We live in a time of unprecedented hope for the elimination of malaria worldwide. We have a fantastic toolkit with effective medications and simple, rapid, and accurate diagnostic tests. We have also made great strides in treatment availability in recent years, bringing testing and ACTs to rural clinics and community health workers. But bringing these tools ever closer to the patient isn’t enough. There is a reality that needs to be addressed – for the medicines to be effective they must get to those who need them, even though many people who desperately need treatment will not seek it. We have a Care Seeking Gap.

Part of the issue is cultural – in many parts of the world, malaria is considered akin to the flu, and even in the US the flu vaccine is woefully underutilized. Part of it is distrust in the system – despite truly heroic efforts on the part of many Ministries of Health, supply chain management remains a stubborn, persistent problem, and in many places stock-outs are still common.

The elephant in the room of malaria prevention is that, as an international community of practice, we have no consensus plan to bridge the Care Seeking Gap between treatment availability and epidemiological need – and we need to prepare one if we ever hope to get to zero.


Peace Corps Volunteer Ian Hennessee and Cheikh Tandian with a community health group.

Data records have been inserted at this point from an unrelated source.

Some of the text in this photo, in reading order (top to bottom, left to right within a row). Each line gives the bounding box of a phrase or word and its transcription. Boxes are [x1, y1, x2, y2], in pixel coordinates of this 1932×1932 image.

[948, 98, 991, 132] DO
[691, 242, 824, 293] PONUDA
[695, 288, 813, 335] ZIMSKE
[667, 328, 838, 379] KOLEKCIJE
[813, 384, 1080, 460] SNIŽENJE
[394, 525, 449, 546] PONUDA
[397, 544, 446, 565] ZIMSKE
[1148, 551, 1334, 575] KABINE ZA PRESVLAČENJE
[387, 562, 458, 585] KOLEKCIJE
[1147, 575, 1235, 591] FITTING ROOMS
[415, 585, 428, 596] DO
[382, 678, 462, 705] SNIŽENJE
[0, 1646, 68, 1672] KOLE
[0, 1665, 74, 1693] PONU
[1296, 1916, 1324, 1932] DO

Deaths in the family are a time of soul-searching. When Cheikh sat despondently on the bench in his family compound looking out through the fields of millet and corn thinking about what he could have done to prevent Sokhna’s death, the answer was obvious. He would change the script about what a community health worker is: instead of waiting passively for his sick neighbors to navigate the bamboo fence maze of Missira Dantilla’s footpaths to his front door, he would be proactive and go out on a regular basis to seek them. With the help of a Peace Corps Volunteer in his village, the President’s Malaria Initiative, and the Ministry of Health, the ProActive Community Treatment (ProACT) model was born.

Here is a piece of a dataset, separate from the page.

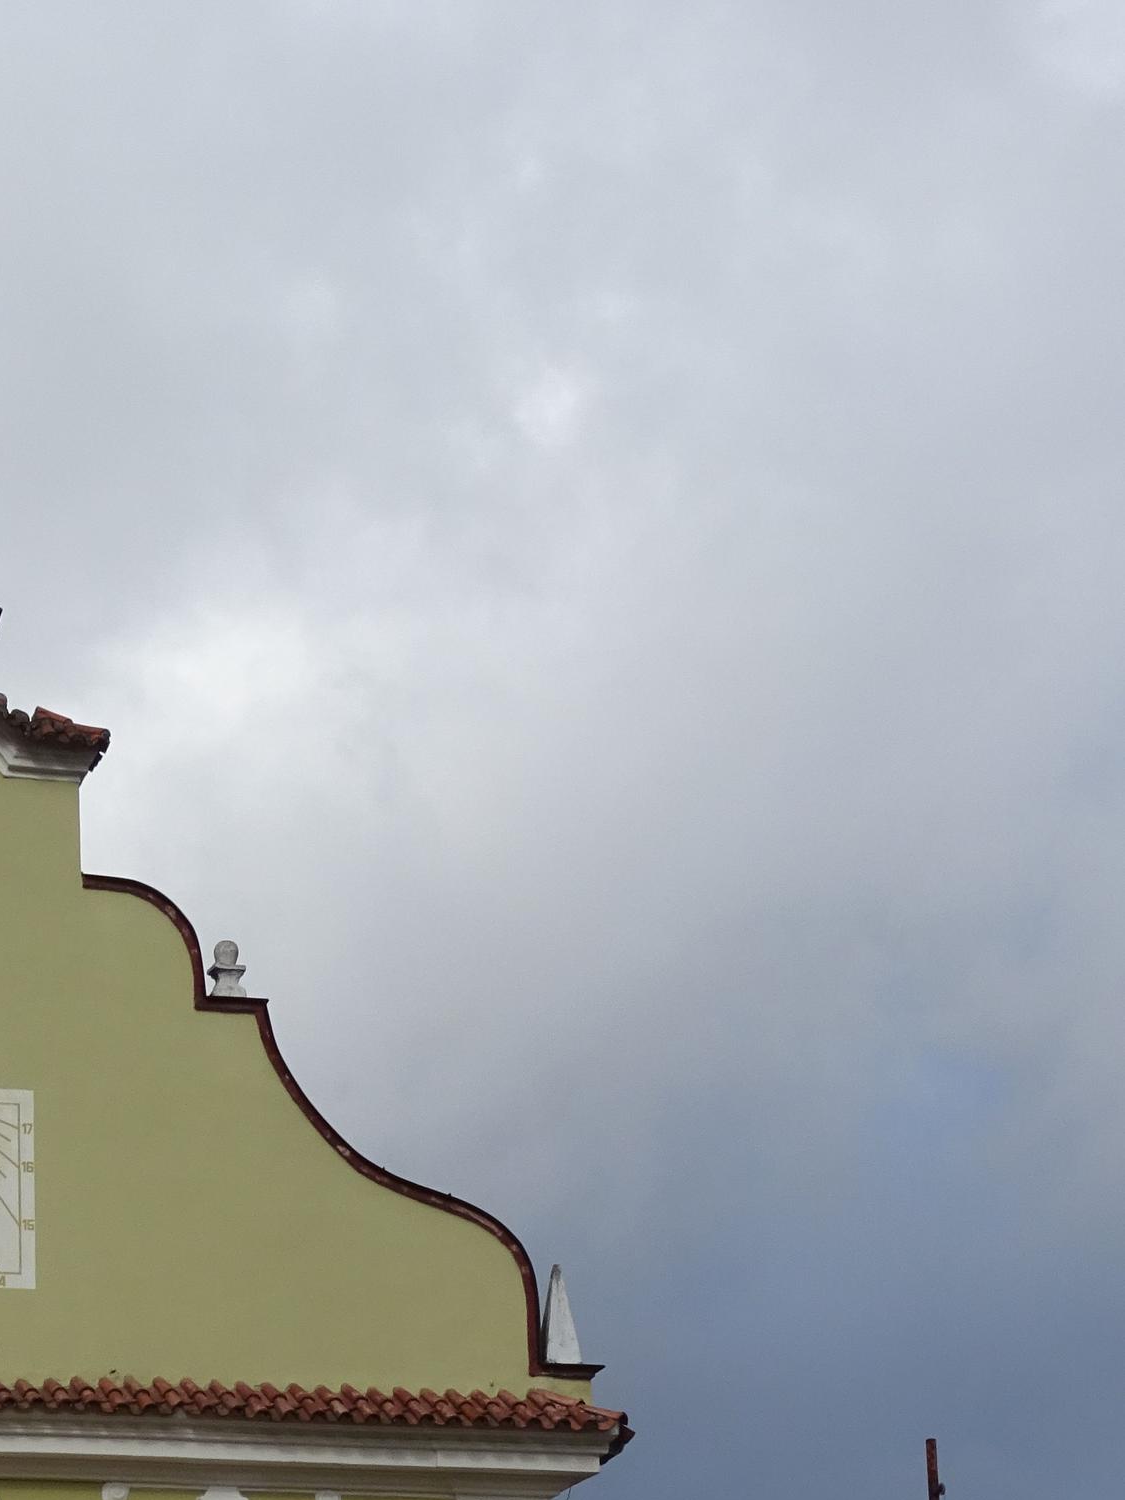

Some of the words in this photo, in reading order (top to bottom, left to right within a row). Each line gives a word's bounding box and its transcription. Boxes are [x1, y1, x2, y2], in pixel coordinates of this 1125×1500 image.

[22, 1123, 33, 1134] 17
[22, 1161, 34, 1173] 16
[22, 1219, 34, 1231] 15

Under ProACT, a community health worker does a weekly sweep of his or her village, visiting each household in turn and inquiring if anyone in the household has fever or other signs of malaria. If they do, testing and treatment is administered on the spot, for free. In the 2012 pilot, ProACT identified more malaria cases in one village in one month than the local clinic (which served five villages) did in three.

In 2013, ProACT was scaled up to 15 villages in a controlled trial that showed that not only did it detect more cases and earlier than the standard of care, but relative to the comparison villages the prevalence of symptomatic malaria decreased dramatically over the course of the project – we were seeing treatment as prevention.

 Best of all, contrary to our intuition that doing weekly sweeps might demotivate care seeking – why seek care when you know the doctor will come to you? – we found people were more likely to seek care when participating in ProACT. It was building trust in the community health workers.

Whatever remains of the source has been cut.